Attorno a noi è sospesa di Socrate Toselli (Bassiano LT)

Socrate Toselli ha 34 anni e vive a Bassiano, un piccolo paese in Provincia di Latina. Svolge la professione di avvocato.

«Raccolta matura e convincente, per il rigore della forma, che si avvale di un verso musicale, scandito da rime anche interne, e per la densità del contenuto, che si articola intorno a un costante interrogarsi sulla natura delle cose, percepite all'interno di una realtà ambivalente, dove coesistono elementi all'apparenza opposti, e sulla natura del tempo, dove tutto scorre eppure pare si conservi. Sia dai componimenti di natura più riflessiva che da quelli (rari) più vicini alla critica sociale emerge un senso di profonda umanità, insieme al riconoscimento di una fraterna e comune appartenenza. Lo sconforto, sul cui limite si muove questa poesia, è evitato grazie anche all'accoglienza del dolore, come parte di un irrinunciabile confronto con la vita.» (Raffaela Fazio)


Liriche da Montiolo di Andrea Biondi (Treja, MC)

Andrea Biondi (Rimini 1986) si è laureato in Lettere presso l’Università di Urbino nel 2009; presso il medesimo ateneo si è specializzato in Scienze Religiose nel 2017. Insegna nelle scuole superiori del maceratese.
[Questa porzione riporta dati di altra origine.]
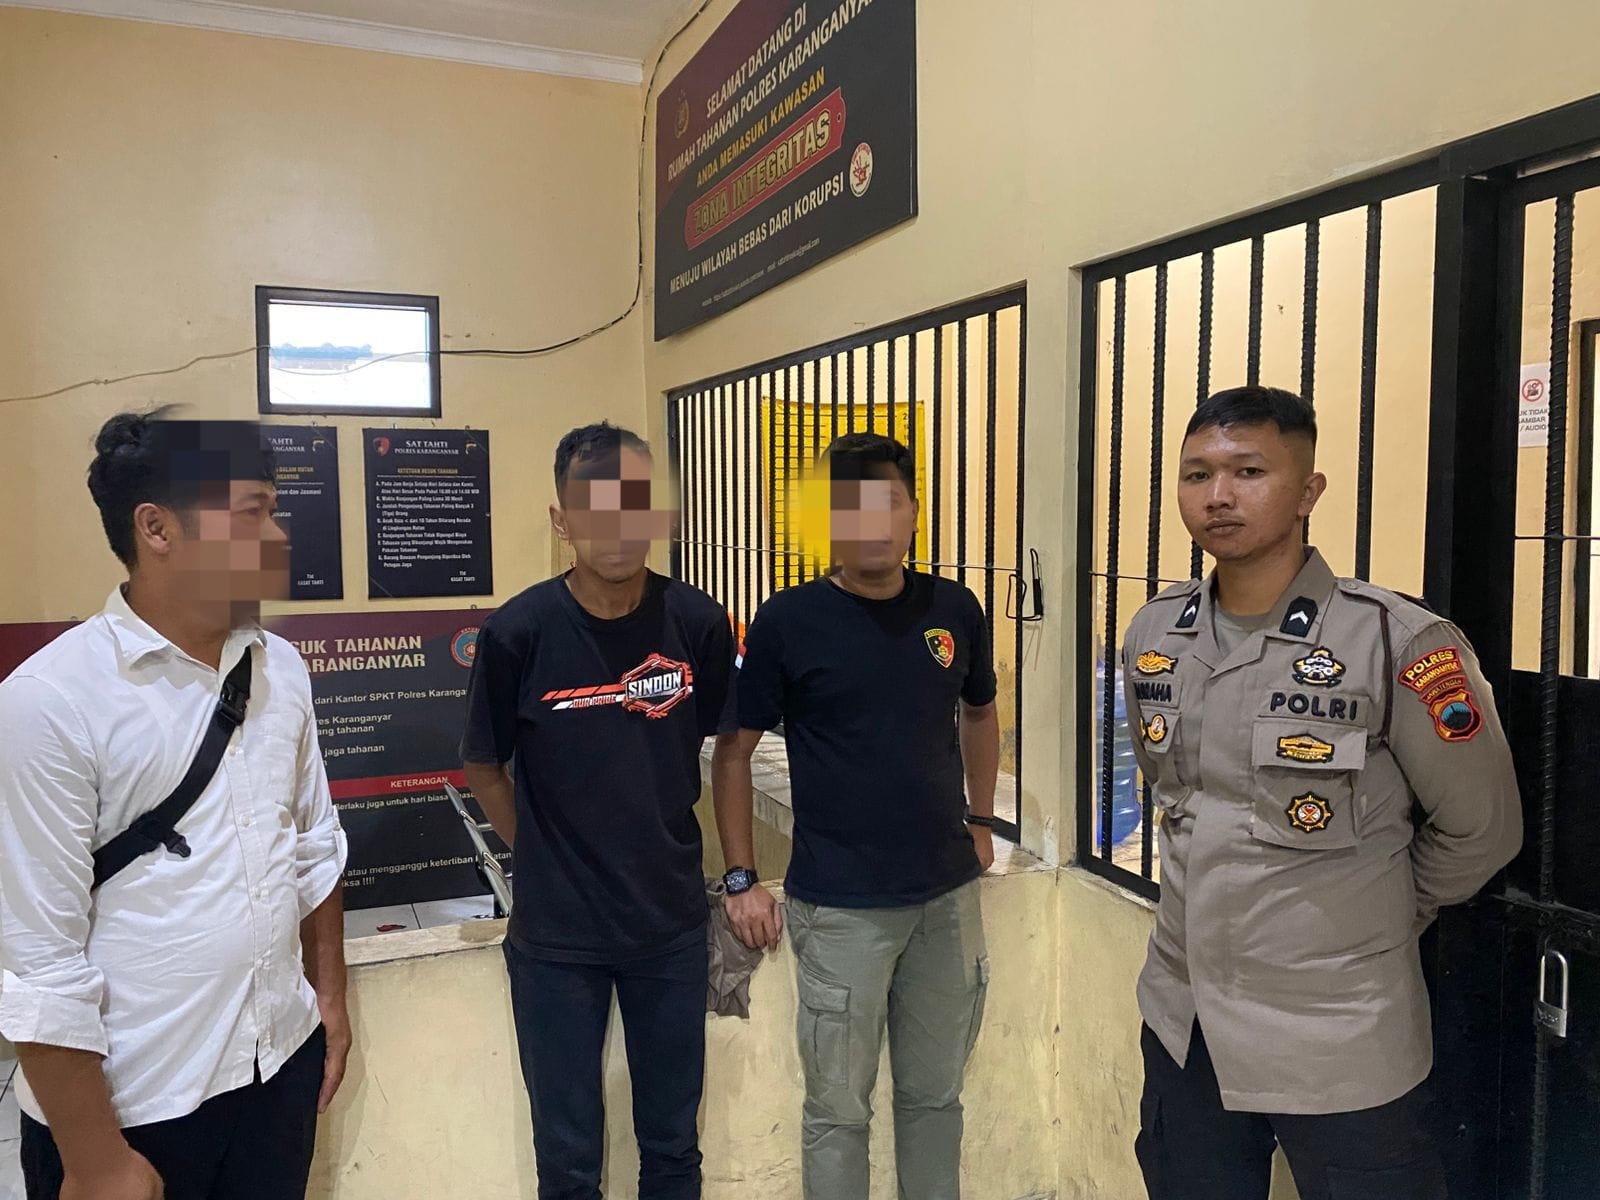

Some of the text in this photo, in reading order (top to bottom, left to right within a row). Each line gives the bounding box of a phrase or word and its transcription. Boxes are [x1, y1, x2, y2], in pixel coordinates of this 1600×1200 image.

Con Le campagne hanno bocche ha vinto il concorso Faraexcelsior 2017. Nel 2019 ha pubblicato la raccolta poetica Ghironda.

«Tutte le immagini, il fascino della campagna, un paesaggio sempre misterioso, allucinato di metafisici, arcaici sentori, presago di future visioni, poi le suggestioni erotiche (o anche ironiche e autoironiche), e i notturni strepitosi – quasi a ogni verso un trasalire del cuore! – dal balcone di quella collina tutti i sentieri costantemente risuonano della realtà di cui oggi abbiamo più bisogno: la corporea concretezza, l’impatto immediato, l’impasto carnale della vita, e però sempre accompagnato dalla leggerezza d’una musica di fondo (“Con un fascio di canti / sono sceso alla valle / la vita bolliva da stordire / potevo aprire tutte le porte”), capace di trasfigurare o almeno rendere non più lievi, ma più veri, umani anche i tratti più oscuri, cosa che puntualmente accade, qui, al malioso comparire dell’ “agnello castigamatti”, il “bel pastore”, salutare epifania che ben s’addice al tema dei “piccoli”, al noto principio per cui la riserva di senso e di autenticità dimora presso gli incompiuti, gli ignoranti, gli ultimi.” (Matteo Bonvecchi)


Portolano adriatico di Francesca Parisi (Trieste)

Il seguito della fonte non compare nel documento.